What is being asked =>
With the images removed, write out each record exactly as given.

Information supplied =>
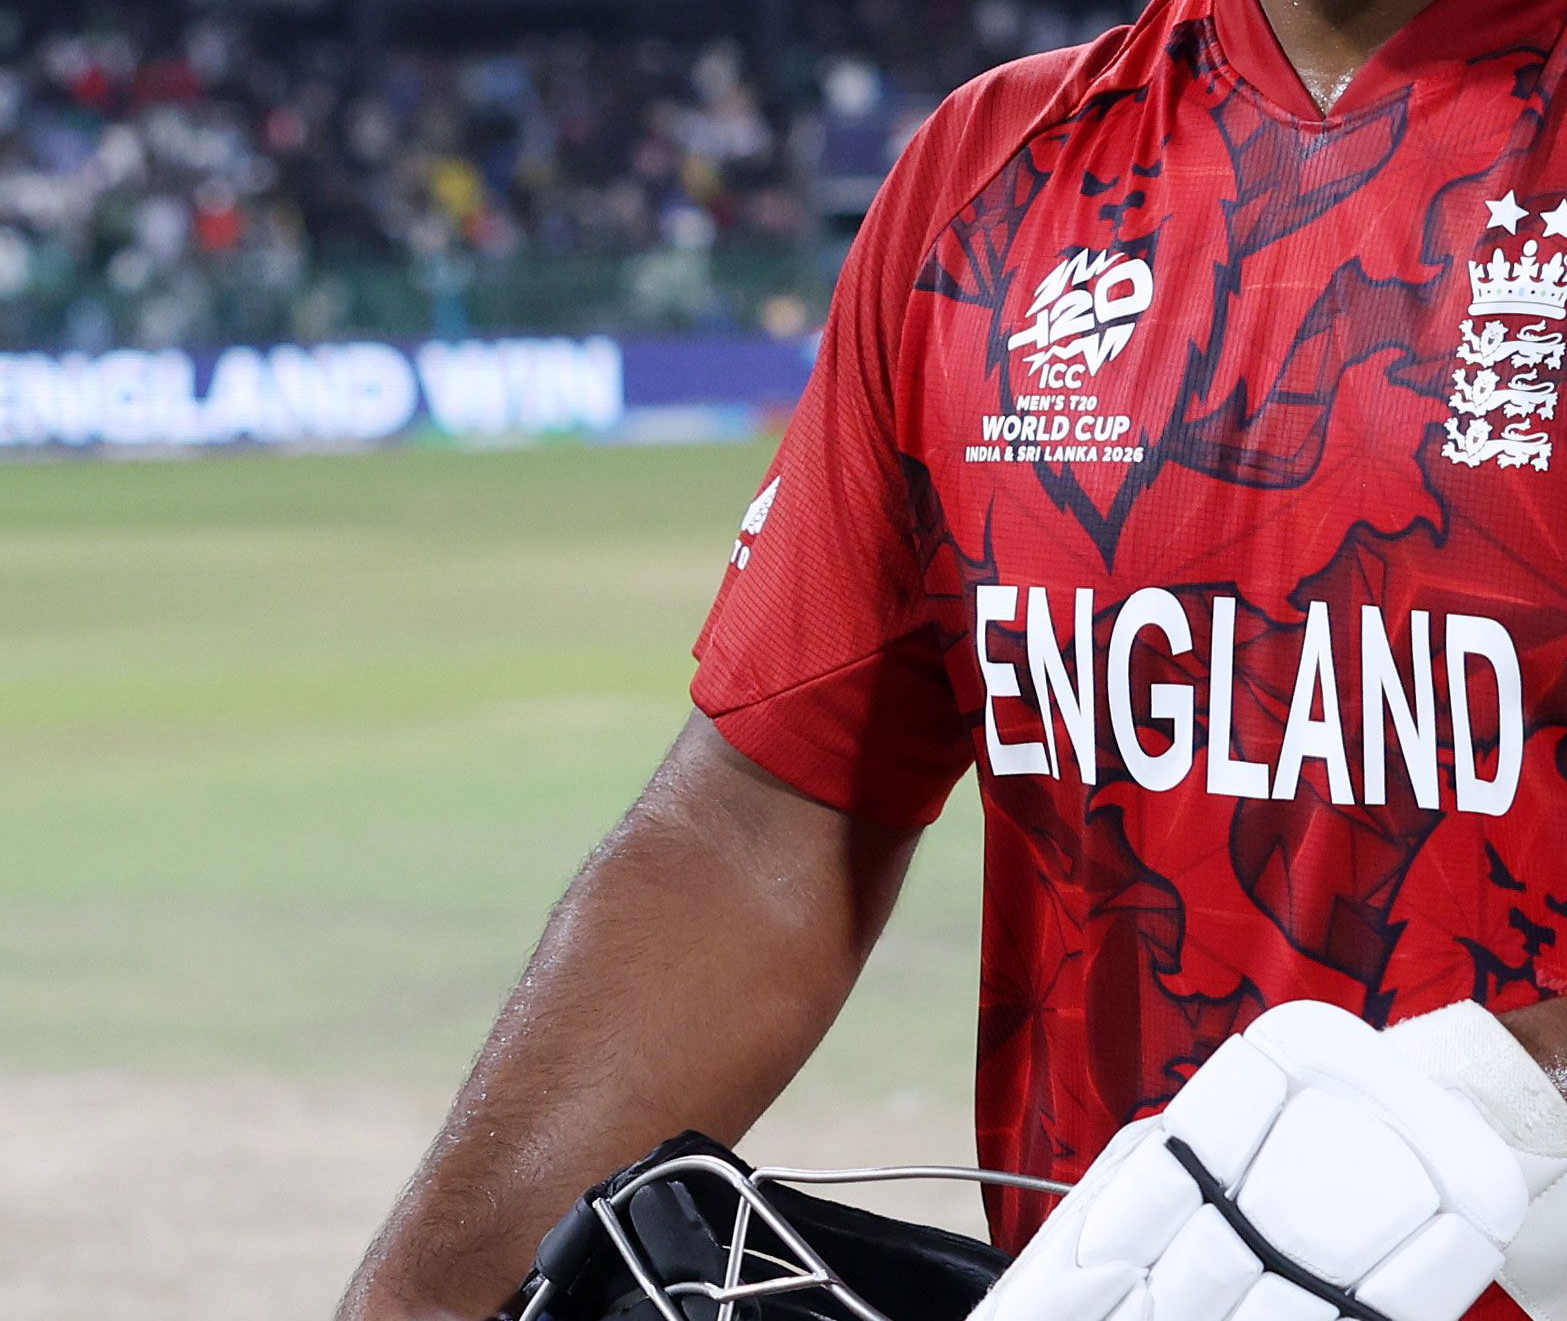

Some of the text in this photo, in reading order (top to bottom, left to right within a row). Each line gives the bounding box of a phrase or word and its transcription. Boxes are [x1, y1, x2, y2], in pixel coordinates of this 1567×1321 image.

[415, 335, 625, 435] WIN
[1039, 363, 1086, 389] ICC
[1016, 395, 1098, 411] MEN'S T20
[982, 415, 1131, 441] WORLD CUP
[965, 446, 1144, 463] INDIA & SRI LANKA 2026
[975, 584, 1524, 817] ENGLAND
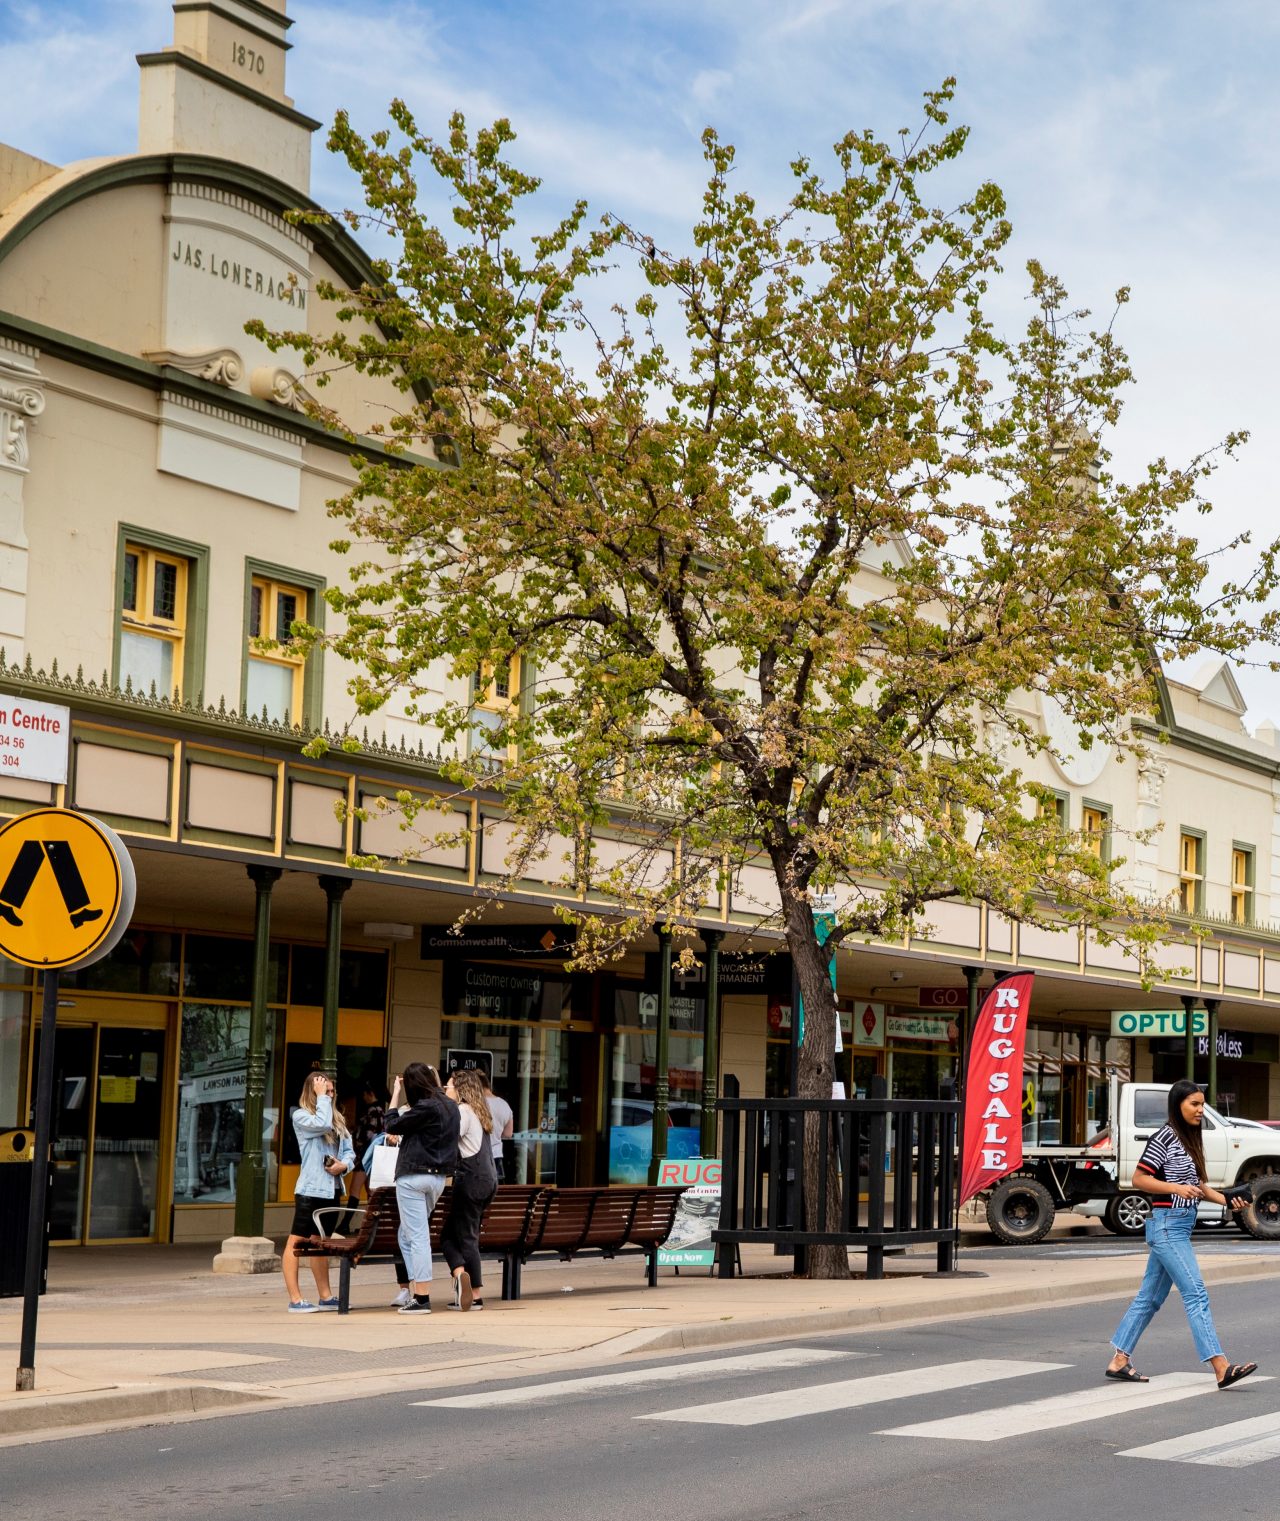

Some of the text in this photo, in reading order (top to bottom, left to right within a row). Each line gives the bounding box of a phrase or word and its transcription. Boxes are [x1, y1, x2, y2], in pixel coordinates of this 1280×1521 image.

Task answer =>
Some of the text in this photo, in reading order (top to bottom, left to right within a row). Each line gives the bounding box of a phrase or word and its transcription. Boxes are [x1, y1, x2, y2], in pixel coordinates of this 1567×1321 image.

[415, 335, 625, 435] WIN
[1039, 363, 1086, 389] ICC
[1016, 395, 1098, 411] MEN'S T20
[982, 415, 1131, 441] WORLD CUP
[965, 446, 1144, 463] INDIA & SRI LANKA 2026
[975, 584, 1524, 817] ENGLAND

Some of the text in this photo, in reading order (top to bottom, left to right within a row). Each line gives the bounding box of a phrase or word and its transcription. Boxes are [x1, y1, x2, y2], in pixel coordinates of this 1280×1521 image.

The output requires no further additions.